GK12 Gel Electrophoresis Lesson Plan
Topic:
Using Gel electrophoresis to separate and analyze DNA fragments
National Science Education Standards:
Science and Technology Standards
a. Abilities of technological design.
b. Understanding about science and technology
NSTA Standards:
5 General Skills of Teaching a- Vary their teaching actions, strategies, and methods to promote
the development of multiple students skills and levels of understanding. c- Successfully organize
and engage students in collaborative learning using different students group learning strategies.
e- Understand and build effectively upon the prior beliefs, knowledge, experiences, and interest
of students. (www.blueplanetbiomes.org)
MS Science Frameworks:
Life Science Biology I 1. Apply inquiry-based and problem-solving processes and skills to
scientific investigations.
a. Conduct a scientific investigation demonstrating safe procedures and proper care of
laboratory equipment. (Safety rules and symbols)
b. Formulate questions that can be answered through research and experimental design.
c. Apply the components of scientific processes and methods in classroom and laboratory
investigations (e.g., hypotheses, experimental design, observations, data analyses, interpretations,
theory development).
e. Analyze procedures, data, and conclusions to determine the scientific validity of
research.
f. Recognize and analyze alternative explanations for experimental results and to make
predictions based on observations and prior knowledge.
g. Communicate and defend a scientific argument in oral, written, and graphic form.
Physical Science 2. Describe the biochemical basis of life and explain how energy flows within
and between the living systems.
e. Examine the life processes to conclude the role enzymes play in regulating biochemical
reactions. Enzyme structure, Enzyme function, including enzyme-substrate specificity and
factors that affect enzyme function (pH and temperature).
Life Science Biology II 3. Investigate and discuss the molecular basis of heredity.
d. Assess the potential implications of DNA technology with respect to its impact on
society. Modern DNA technologies (e.g., polymerase chain reaction (PCR), gene splicing, gel
electrophoresis, transformation, recombinant DNA) in agriculture, medicine and forensics.
Genetics 3. Apply the principles of heredity to demonstrate genetic understandings.
d. Distinguish and explain the applications of various tools and techniques used in DNA
manipulation. Steps in genetic engineering experiments, Use of restriction enzymes, Role of
vectors in genetic research, and Use of transformation techniques.
g. Research genomics (human and other organisms.) and predict benefits and medical
advances that may result from the use of genome projects.
Objectives:
 Students will utilize lab safety and aseptic techniques.

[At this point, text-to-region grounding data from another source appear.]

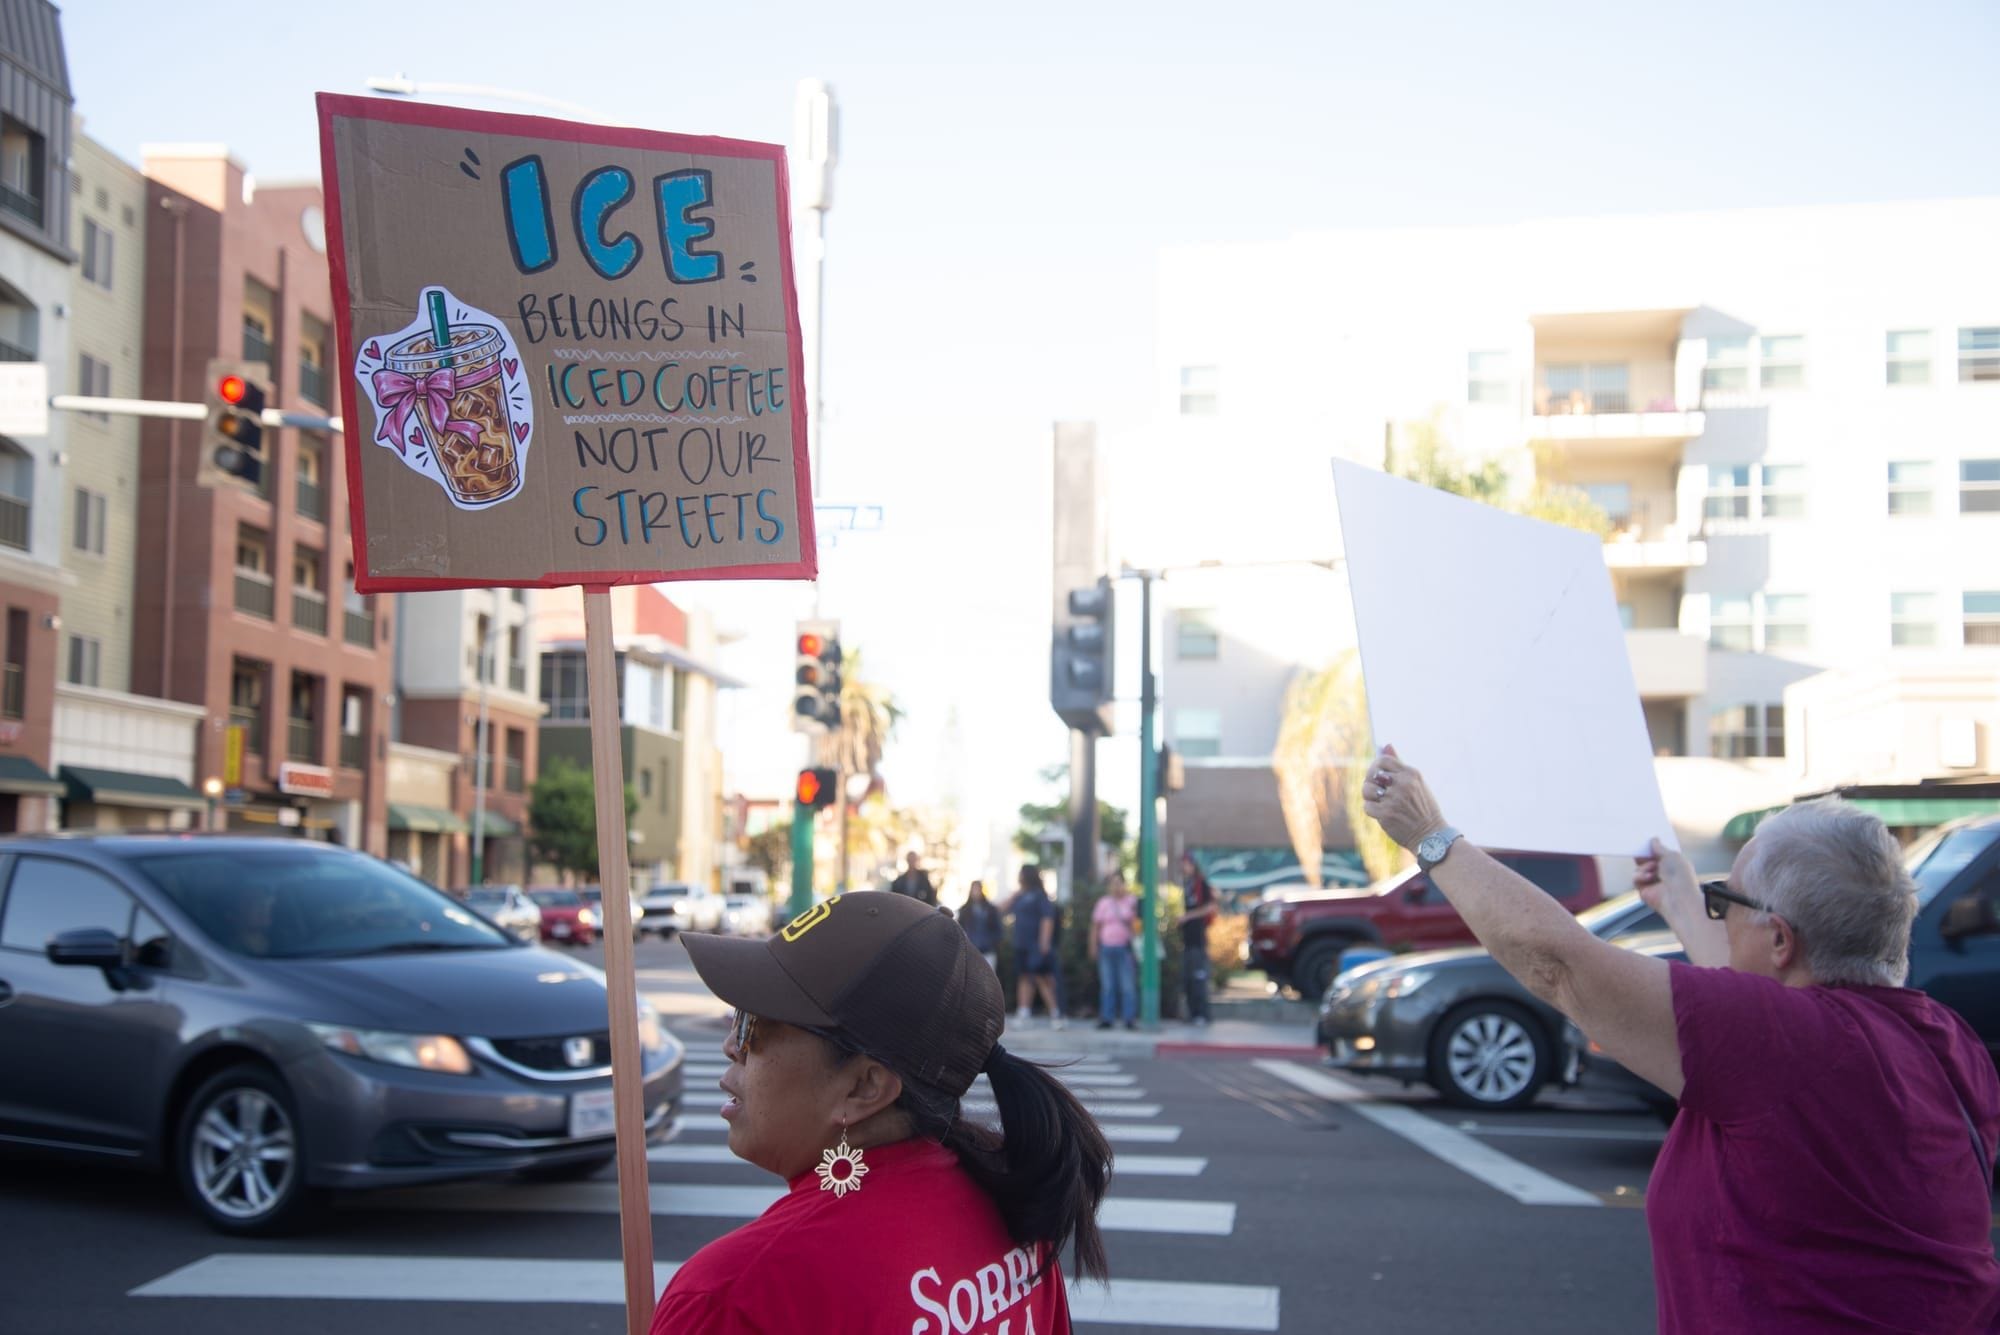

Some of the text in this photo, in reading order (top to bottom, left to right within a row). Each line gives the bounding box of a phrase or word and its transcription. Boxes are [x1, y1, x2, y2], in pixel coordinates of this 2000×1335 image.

[500, 154, 725, 285] ICE
[518, 294, 745, 344] BELONGS IN
[546, 361, 784, 416] ICED COFFEE
[574, 427, 781, 485] NOT OUR
[572, 486, 785, 548] STREETS
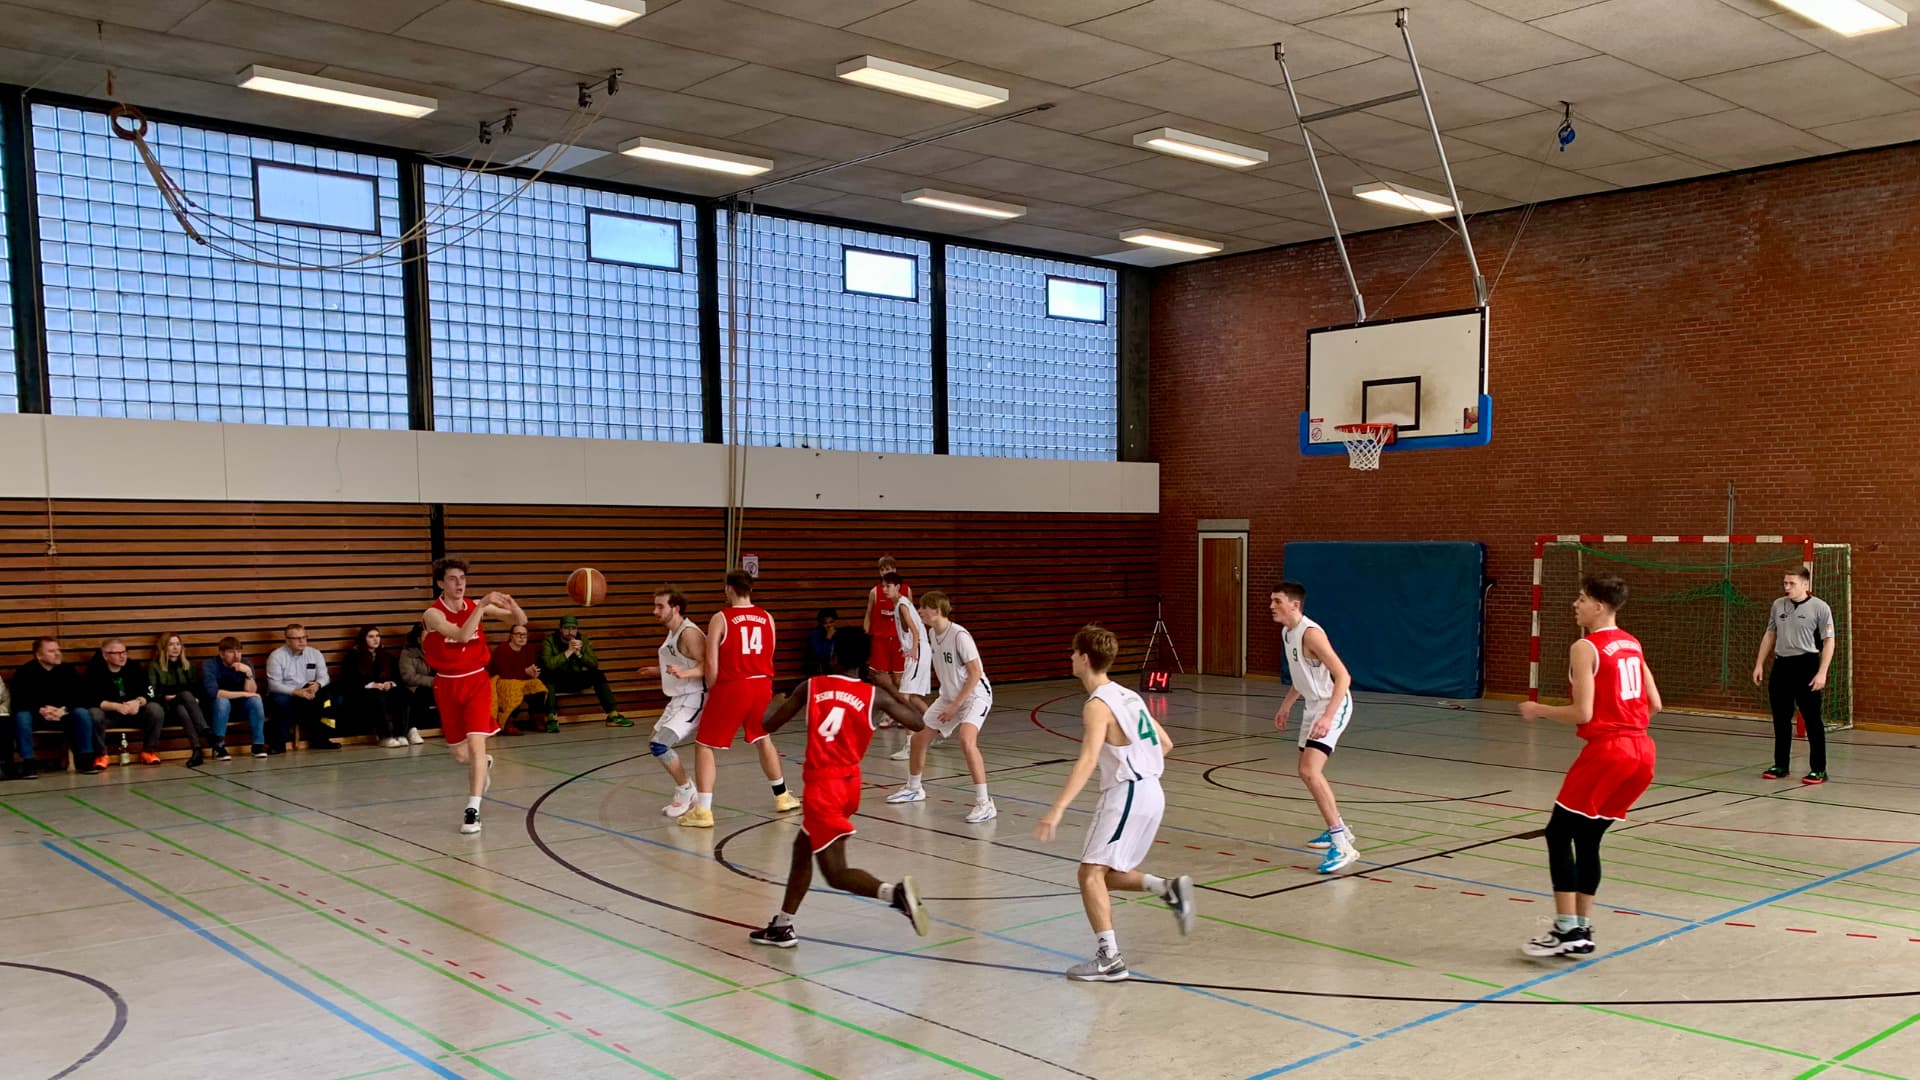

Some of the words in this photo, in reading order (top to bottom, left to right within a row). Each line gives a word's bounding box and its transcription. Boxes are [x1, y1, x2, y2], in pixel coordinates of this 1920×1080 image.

[740, 626, 763, 655] 14
[1292, 647, 1298, 662] 9
[943, 651, 953, 664] 16
[1149, 671, 1168, 688] 14
[1617, 656, 1642, 700] 10
[817, 706, 846, 742] 4
[1137, 709, 1159, 746] 4

 Students will use the scientific method to predict the results of the
experiment.
 Students will perform current research techniques by performing gel
electrophoresis.
 Students will distinguish between different DNA fragment sizes.
 Students will explain the uses of the different dyes and molecular weight
markers used for the experiment.
 Students will make observations on the migration of the dyes and DNA
fragments.
 Students will explore the properties of DNA that allow for electrophoresis to
be performed.
Classroom Procedure:
Engage
First, ask the students to discuss their knowledge of gel electrophoresis. Second, ask the students
to discuss where they may have seen or heard of the term gel electrophoresis. Third, show the
students Power Point pictures of genotypes and DNA bands on a gel and ask the students to
make observations on whether the two samples are identical, similar, or different.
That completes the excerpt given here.